Tuesday, April 5, 2011


Spring has been slow showing it's face in our little corner of the world and while people living just ten minutes from us have been raking their lawn weeks ago, we are still waiting for the last of our snow to disappear. Although our crocuses and daffodils have yet to bloom, the hubby surprised me the other day with a gift of what's to come.

One of my favorite poems that always makes me smile is Daffodils by William Wordsworth (1770-1850). It is a lyrical poem in which Wordsworth compares himself to a lonely cloud and personifies the field of golden daffodils he sees below as a crowd of joyful dancers. The poem shows the author's love and appreciation of the beauty of nature.

I wander'd lonely as a cloud
That floats on high o'er vales and hills,
When all at once I saw a crowd,
A host, of golden daffodils;
Beside the lake, beneath the trees,
Fluttering and dancing in the breeze.
Continuous as the stars that shine
And twinkle on the Milky Way,
They stretch'd in never-ending line
Along the margin of a bay:
Ten thousand saw I at a glance,
Tossing their heads in sprightly dance.
The waves beside them danced; but they
Out-did the sparkling waves in glee:
A poet could not but be gay,
In such a jocund company:
I gazed -- and gazed -- but little thought
What wealth the show to me had brought:
For oft, when on my couch I lie
In vacant or in pensive mood,
They flash upon that inward eye
Which is the bliss of solitude;
And then my heart with pleasure fills,
And dances with the daffodils.
By William Wordsworth (1770-1850).

But another lesser known poem To Daffodils by  Robert Herrick is equally stirring of the emotions but in a different way.
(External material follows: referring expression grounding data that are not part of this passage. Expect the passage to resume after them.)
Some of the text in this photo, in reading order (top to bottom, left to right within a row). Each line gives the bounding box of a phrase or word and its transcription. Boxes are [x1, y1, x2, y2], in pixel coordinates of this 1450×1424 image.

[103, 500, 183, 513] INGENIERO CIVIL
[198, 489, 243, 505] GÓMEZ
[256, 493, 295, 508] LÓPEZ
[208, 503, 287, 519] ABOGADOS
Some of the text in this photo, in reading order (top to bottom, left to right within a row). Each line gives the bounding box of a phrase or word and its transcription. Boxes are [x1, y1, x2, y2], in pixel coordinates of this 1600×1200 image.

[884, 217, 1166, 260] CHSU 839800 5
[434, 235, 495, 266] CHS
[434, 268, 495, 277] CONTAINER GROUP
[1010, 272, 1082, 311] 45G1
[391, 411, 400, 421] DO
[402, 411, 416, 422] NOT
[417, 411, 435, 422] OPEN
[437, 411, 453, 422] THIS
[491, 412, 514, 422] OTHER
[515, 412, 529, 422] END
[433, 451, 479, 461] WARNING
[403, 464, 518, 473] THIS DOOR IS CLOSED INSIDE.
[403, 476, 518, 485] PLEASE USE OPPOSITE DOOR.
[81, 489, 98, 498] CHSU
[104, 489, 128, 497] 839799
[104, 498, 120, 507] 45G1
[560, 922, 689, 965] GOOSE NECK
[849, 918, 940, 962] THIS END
While Wordsworth evokes feelings of joy, Herrick has a note of melancholy/sadness in his poem which arises out of the realization that beauty is not going to stay forever. He compares the fast dying daffodils to the shortness of human life.

To Daffodils

Fair Daffodils, we weep to see
You haste away so soon;
As yet the early-rising sun
Has not attain'd his noon.
Stay, stay,
Until the hasting day
Has run
But to the even-song;
And, having pray'd together, we
Will go with you along.
We have short time to stay, as you,
We have as short a spring;
As quick a growth to meet decay,
As you, or anything.
We die
As your hours do, and dry
Like to the summer's rain;
Or as the pearls of morning's dew,
Ne'er to be found again.
by Robert Herrick


  1. I love daffodils....I never could have expressed it with the eloquence of these poets.

  2. Oh I wanted to dance with the daffodils this year. My son mowed our lawn where the daffodils grow too early last year and they didn't bloom this year. I had my tutu ready, but then there wasn't any sun to dance in either. Love the images of the poems.
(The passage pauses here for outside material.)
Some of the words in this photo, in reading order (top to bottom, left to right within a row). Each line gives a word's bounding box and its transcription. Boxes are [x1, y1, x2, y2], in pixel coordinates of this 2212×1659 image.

  3. Two beautiful poems about one of my favorite flowers. The thing is though, I never thought of daffodils as short lived before. I just bought a big bunch from Trader Joes yesterday so I'll be watching them and the clock :-)
    Enjoy yours! xo jj

  4. They are very short lived, but one of the things I like about them, is the stage when they turn to paper, and still hold their shape, becoming different yet beautiful still.
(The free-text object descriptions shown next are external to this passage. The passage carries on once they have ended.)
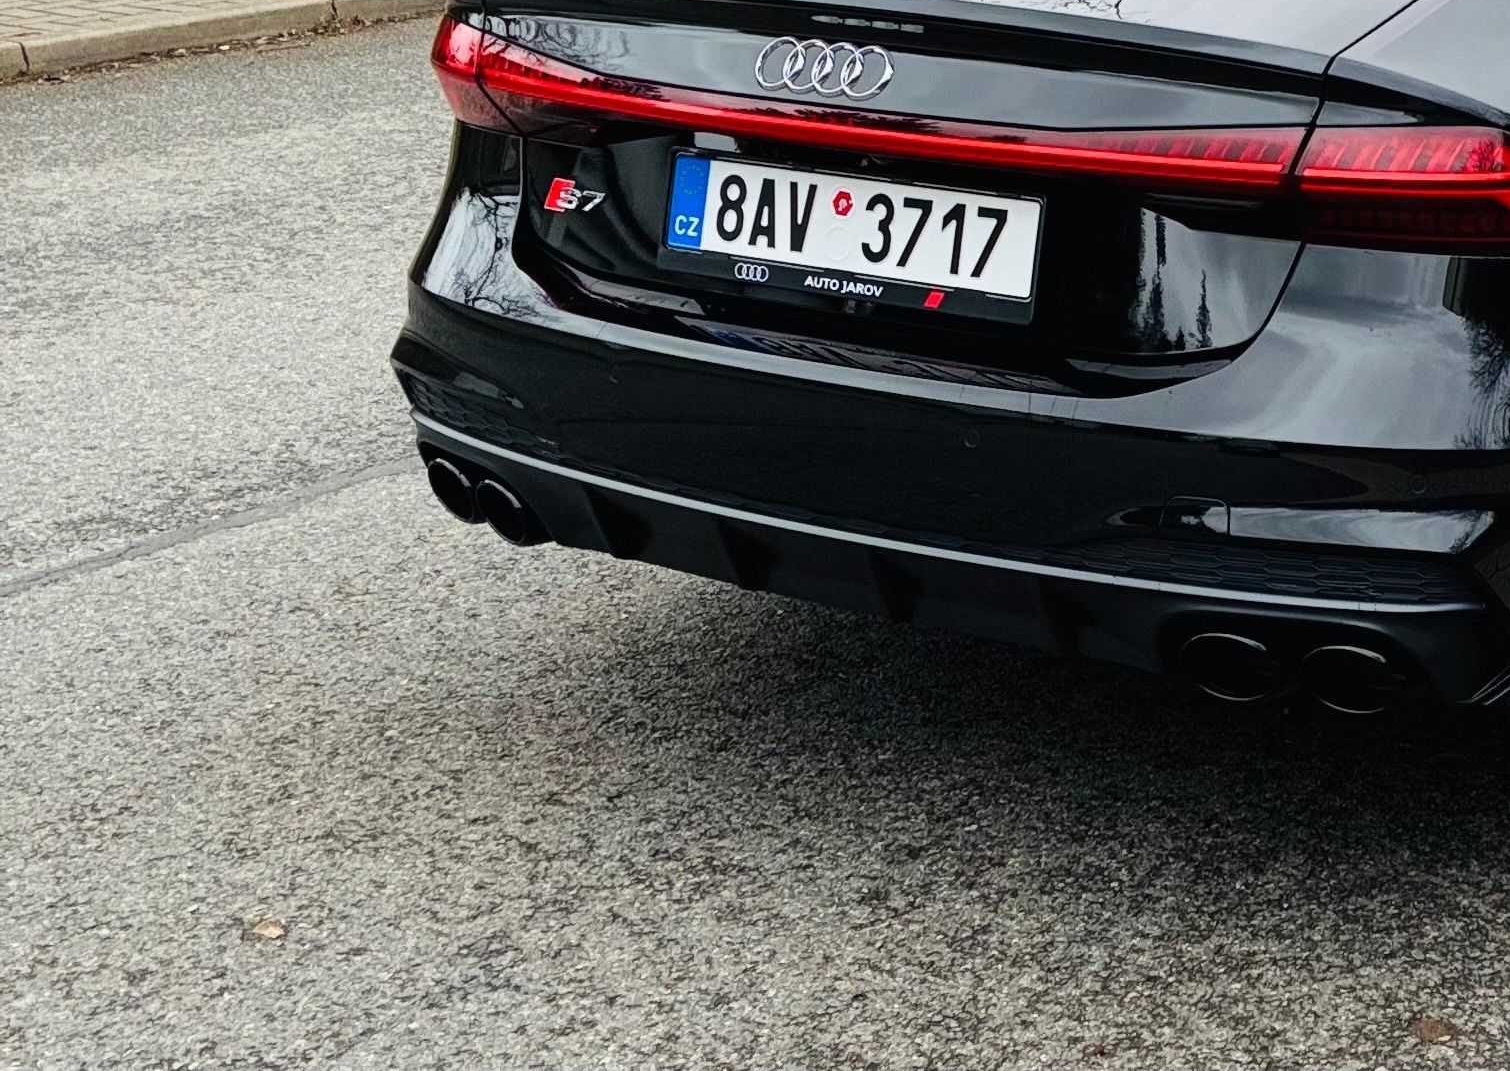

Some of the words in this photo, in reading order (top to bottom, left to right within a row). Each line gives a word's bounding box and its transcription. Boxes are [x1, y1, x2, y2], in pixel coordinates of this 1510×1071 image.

[556, 186, 606, 212] S7
[673, 214, 700, 237] CZ
[716, 174, 818, 253] 8AV
[861, 192, 1009, 278] 3717
[803, 275, 840, 291] AUTO
[840, 280, 884, 297] JAROV
    It gives me hope for this time in my life when I struggle with the face that looks back at me from my mirror.

  5. Thank you so much for stopping by my place and saying hi! Very nice to meet you!

    Between the two poems, I definitely would pick the first by Wordsworth to convey the beauty of a daffodil as well as the awakening of Spring!

  6. Enjoyed the poems , they're beautiful. My daffodils have bloomed and died , they weren't as pretty this year as last though. I think it was because we had an very early Spring and the temps have been up and down.